At this point, one of the friendly servers will likely clean the grill (if not, be sure to ask them to), so take a soju break before finishing off the marinated cuts of beef, spicy chicken bulgogi and LA galbi (marinated short ribs). Start with the short ribs, because the heavy marinade of the bulgogis will leave a blotch caked on the grill. The bulgogi, by the way, can be enjoyed wrapped in romaine lettuce (you'll be given a bowl of it) and seasoned with ssamjang (spicy fermented bean paste), but I prefer eating it with rice. The only downside to rice is it occupies space in your stomach reserved for meat, so be prudent in portioning. Other occupiers included in the price: edamame and dumplings.

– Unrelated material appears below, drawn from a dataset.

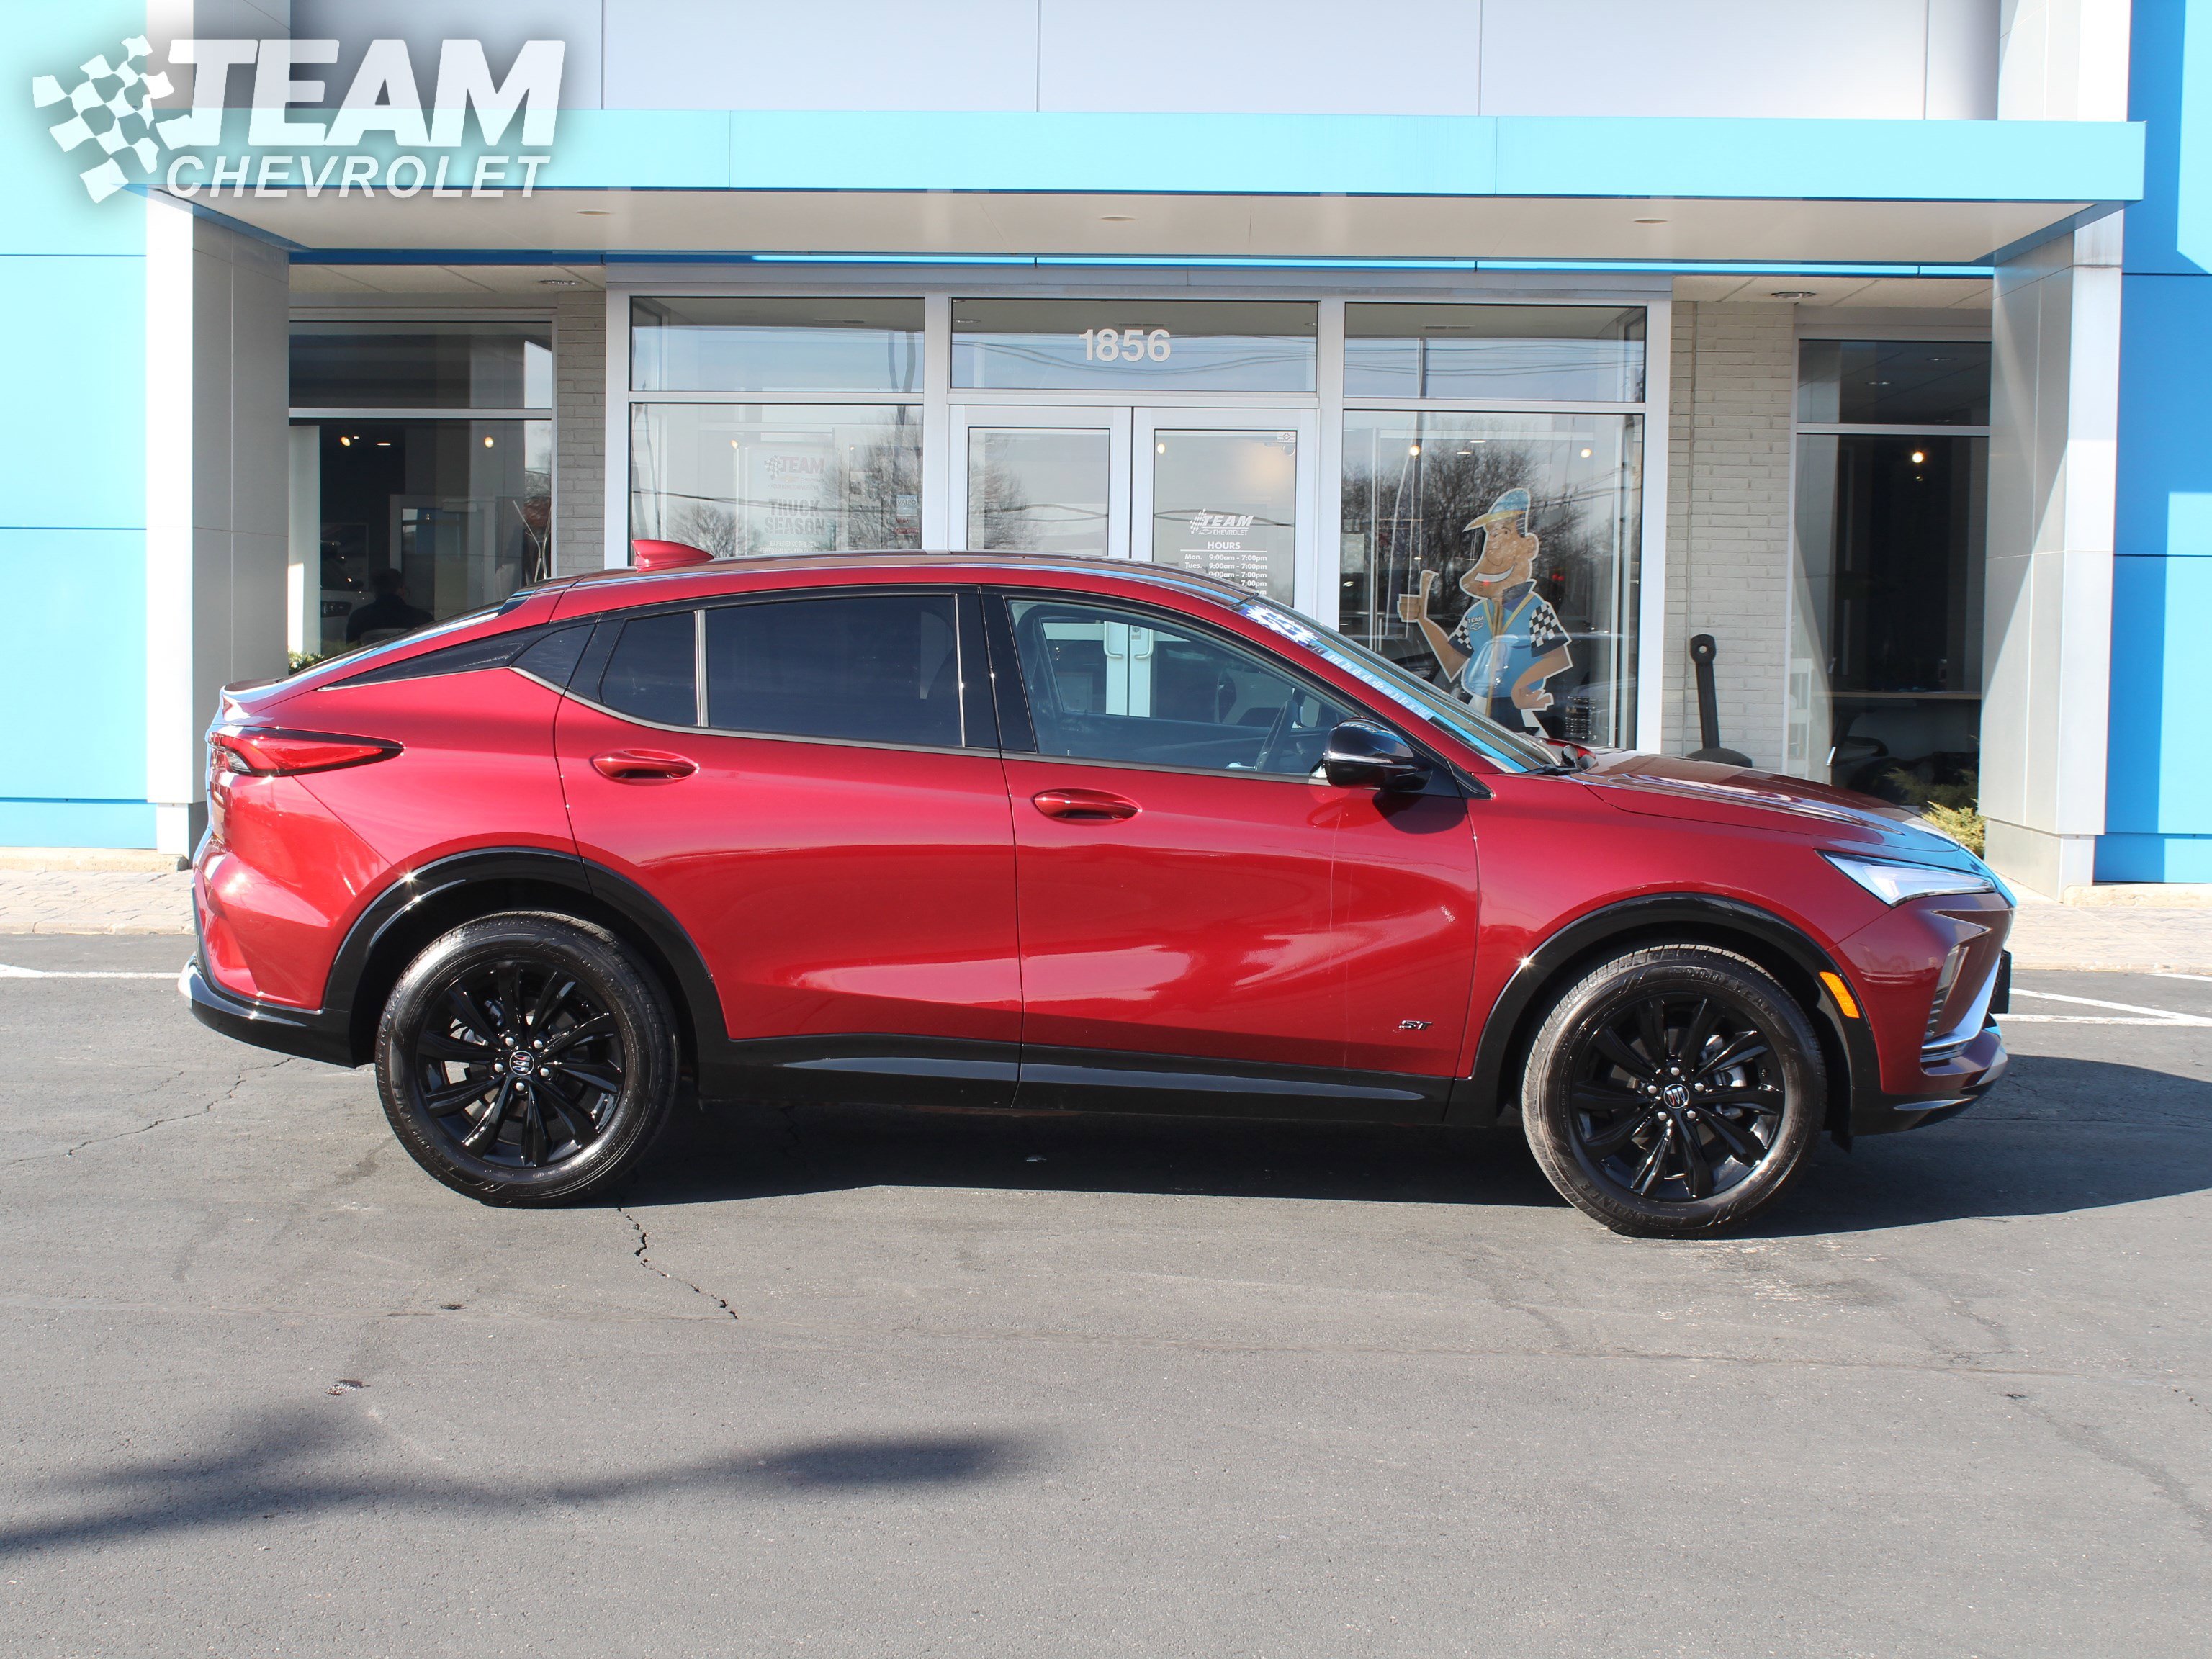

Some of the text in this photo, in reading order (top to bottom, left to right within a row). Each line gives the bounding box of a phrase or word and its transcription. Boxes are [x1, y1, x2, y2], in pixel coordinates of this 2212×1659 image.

If some members of your party aren't up for barbecue, the dak-bokkeum ($12.99) – stellar stir-fried chicken and vegetables – is a safe bet. A steaming bowl of mandu-guk ($12.99) – dumplings and rice cakes in beef broth – will make happy fun dance in your tummy. If dessert is a must, forgo mealy and fruitless potbingsu ($4.99), shaved ice with red beans and sweet sticky rice cake, and opt for deep-fried banana ($6.99) with ice cream instead, but only if you must. If stir-fries and desserts prove too distracting, get your AYCE on and go back, Jack, and do it again.